著者: Patrick Flowers 日付: To: exim-users 題目: Re: [exim] local_interfaces option
Odhiambo G. Washington wrote: > * Patrick Flowers <patrick@???> [20050126 07:18]: wrote:
>
>>I'm trying to configure Lyris ListManager to work on a redhat server
>>with exim installed. I need to have ListManager on port 25 and exim
>>on port 26 on one IP address.
>
>>Exim will need to monitor port 25 for the other IP addresses.
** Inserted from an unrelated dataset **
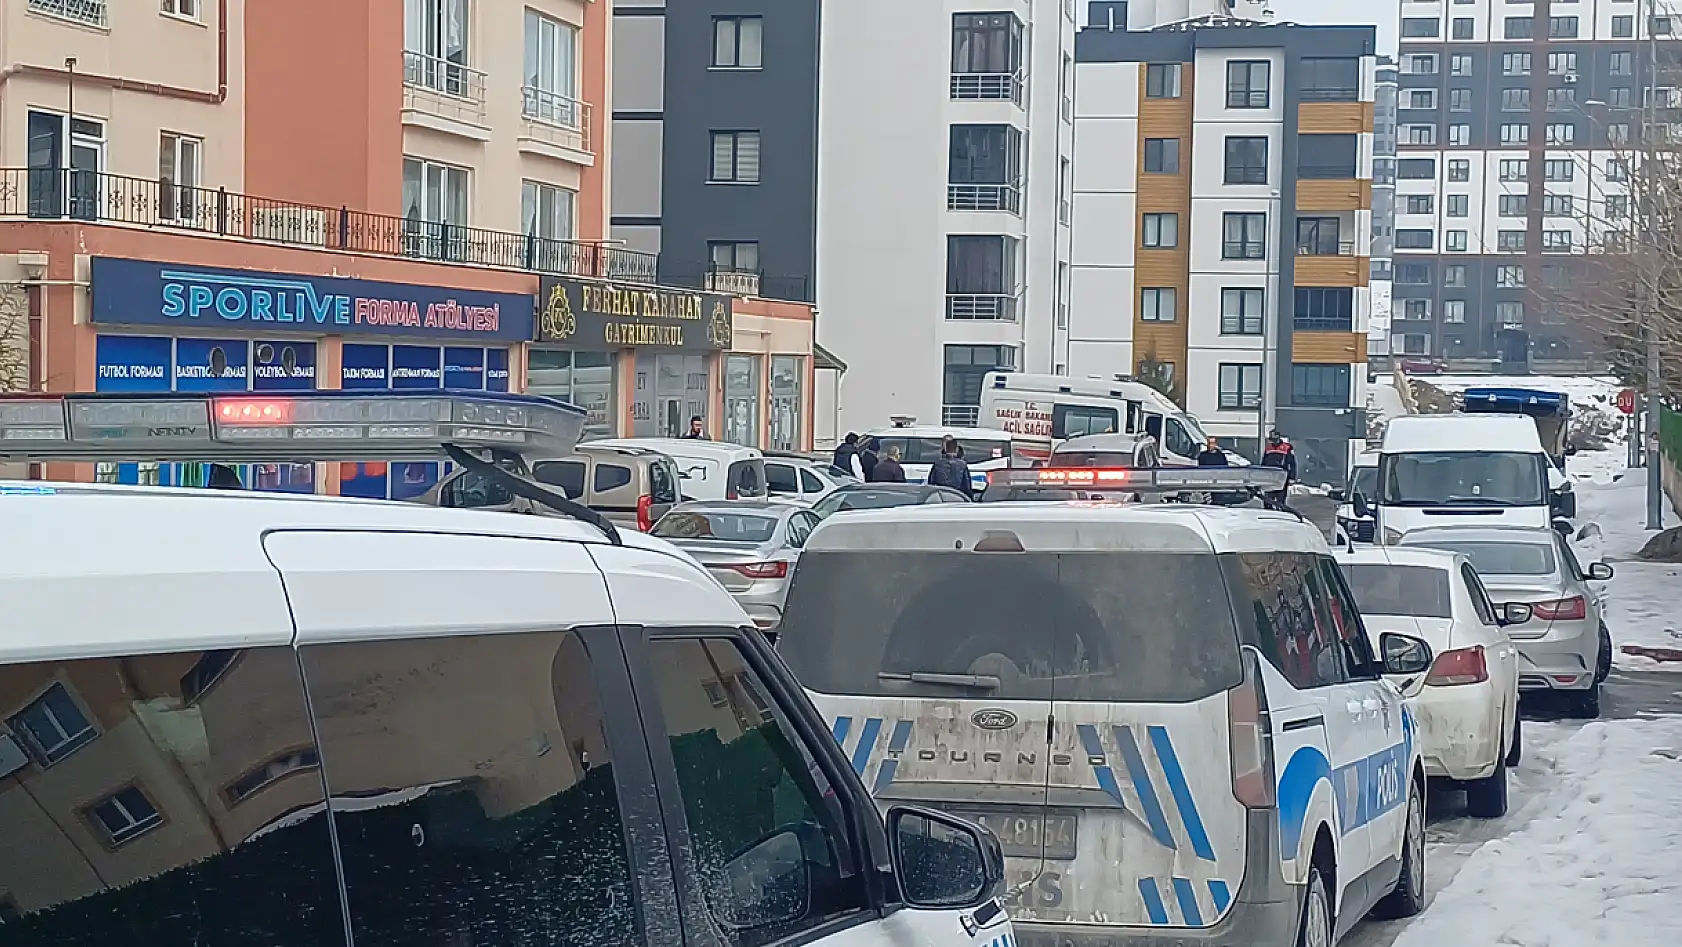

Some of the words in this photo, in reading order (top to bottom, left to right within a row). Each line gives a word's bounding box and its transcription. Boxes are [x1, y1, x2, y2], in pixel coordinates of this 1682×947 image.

>>Is the following syntax correct for the local_interfaces directive
>>to accomplish this:
>
> That is a strange config for Exim (to me, because I never tested that
> before.
>
>>local_interfaces = aa.bbb.ccc.dd.26 : 127.0.0.1 : 0.0.0.0
>
> From your explanation, you are saying, for example if we take two
> interfaces on that server, you want Exim to listen on each of them,
> but on different ports, so:
>
> local_interfaces = <, a.b.c.d.25 , w.x.y.z.26
Actually, there are 8 interfaces. I only need to move Exim to port 26
on one of those. Do I need to specify every interface, or just the one
that I need to move? The documentation for both Exim and Lyris are
pretty clear - if you only have one IP.
>>Is the 127.0.0.1 entry necessary?
>
> well, if you want it. If no local_interfaces directive is given to Exim
> (and to most other daemons) it ends up binding to all available ones,
> including the loopback interface.
Again, it's unclear to me whether the omission of an interface in the
local_interfaces directive means that interface will be ignored or will
be bound on the standard port.
>>I appreciate any input. This is a new venture and my first encounter
>>with exim.
>
> Which is why you shouldn't be doing anything this complicated, but I
> am not underestimating your capabilities!
The local_interfaces directive isn't that complicated - if you're only
managing one IP address...
> Why don't you let Exim listen on the default port 25 and Lyris to use
> port 26? I believe there is no hard-coded port in Lyris, no? I have
> never seen it even.
Well, it's the method called out in the Lyris documentation and would
seem simpler from a administration side.
> Lastly, if I may ask (at the risk of going OT) why do you prefer Lyris
> over Mailman?
Feature set - it's the only package we've found that has both a web and
mail interface without having database synch issues.